A hypothetical example is a randomized trial with four experimental arms and one control arm, run in two stages (). The intermediate and primary outcome measures are progression-free survival and overall survival, respectively. When a prespecified number of intermediate outcome events have been observed in the control arm, a pairwise comparison is made between each experimental arm and the control arm. If the observed effect size does not cross a predefined critical value, then consideration is given to not randomly assigning additional patients to that experimental arm. Accrual to the trial, however, continues while the analysis is conducted. After the analysis, patients continue to be randomly assigned to those experimental treatments that do cross the critical value and also to the control arm until the prespecified number of events on the primary outcome measure have been observed. The predefined critical value depends on four components: 1) the null hypothesis for the intermediate outcome measure (usually taken to be no difference), 2) the alternative hypothesis for the intermediate outcome measure, 3) the probability of continuing to the next stage should the null hypothesis be true, and 4) the probability of continuing to the next stage should the alternative hypothesis be true. The critical value is calculated for each stage by considering whether we can reject the null hypothesis (at the level of the probability of continuing to the next stage should the null hypothesis be true).
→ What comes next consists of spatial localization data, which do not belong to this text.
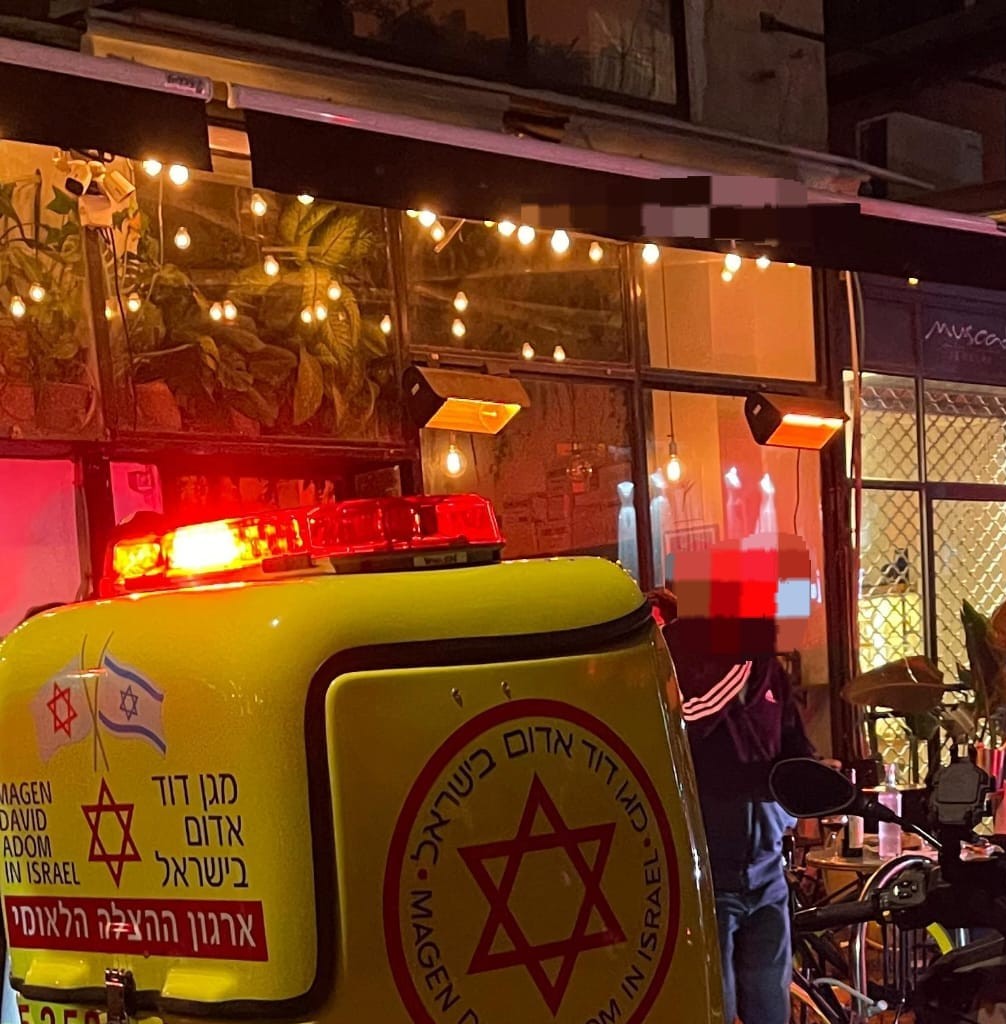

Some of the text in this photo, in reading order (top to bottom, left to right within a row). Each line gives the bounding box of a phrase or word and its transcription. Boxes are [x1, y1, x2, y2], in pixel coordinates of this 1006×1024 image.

[152, 773, 239, 811] מגן דוד
[410, 726, 649, 867] מגן דוד אדום בישראל
[0, 808, 48, 832] DAVID
[184, 815, 244, 847] אדום
[3, 835, 52, 858] ADOM
[5, 861, 81, 886] IN ISRAEL
[155, 851, 249, 888] בישראל
[12, 900, 256, 953] ארגון ההצלה הלאומי
[411, 889, 462, 1013] MAGEN
[621, 964, 645, 1000] IN
[639, 847, 662, 962] ISRAEL
Technical details are given in (20
), and the practical specification of these parameters is displayed in the examples below.
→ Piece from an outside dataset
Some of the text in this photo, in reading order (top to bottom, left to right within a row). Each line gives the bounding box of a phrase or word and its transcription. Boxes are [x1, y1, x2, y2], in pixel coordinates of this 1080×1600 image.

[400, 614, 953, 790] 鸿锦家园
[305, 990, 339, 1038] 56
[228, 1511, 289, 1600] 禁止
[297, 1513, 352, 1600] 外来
Figure 1 Hypothetical randomized trial showing a multi-arm, two-stage design. Arm 1 is the control arm and arms 2–5 are the experimental arms. At the end of stage I, each experimental arm is compared against the control arm in a pairwise manner using the (more ...)
A general explanation of an intermediate outcome measure used in this way is as follows. If there is no effect on the intermediate outcome measure (ie, if the null hypothesis is true), then it is very likely that there will be no effect on the primary outcome measure. The intermediate outcome measure is therefore required to have high negative predictive value. However, if the alternative hypothesis is true for the intermediate outcome, this will not necessarily mean that the alternative hypothesis will be true for the primary outcome measure. There is no requirement for the intermediate outcome measure to have a high positive predictive value. In trials of cancer treatment, typical intermediate outcome measures might be progression-free survival or response to treatment and a typical primary outcome measure might be overall survival. Extension of this model to more than two stages is shown in the examples below. In the MAMS design, a randomized comparison is initiated as soon as possible, although there still remains a role for single-agent phase 2 trials to prioritize new therapies for feeding into MAMS trials (). One of the first advantages of the MAMS design is that many new treatments are considered at once, involving fewer patients over a shorter time with reduced costs than assessing each of the agents in large-scale separate two-arm trials. The multi-arm nature also improves the likelihood of a “positive” trial. For example, if a two-arm phase 3 trial in oncology has a 40% chance of showing a “positive” result (14
), and if we assume that the probability of success of each of the new experimental arms in a MAMS trial is approximately independent, then for a five-arm cancer trial with four new experimental therapies, the probability of at least one successful arm in the trial increases to 87%.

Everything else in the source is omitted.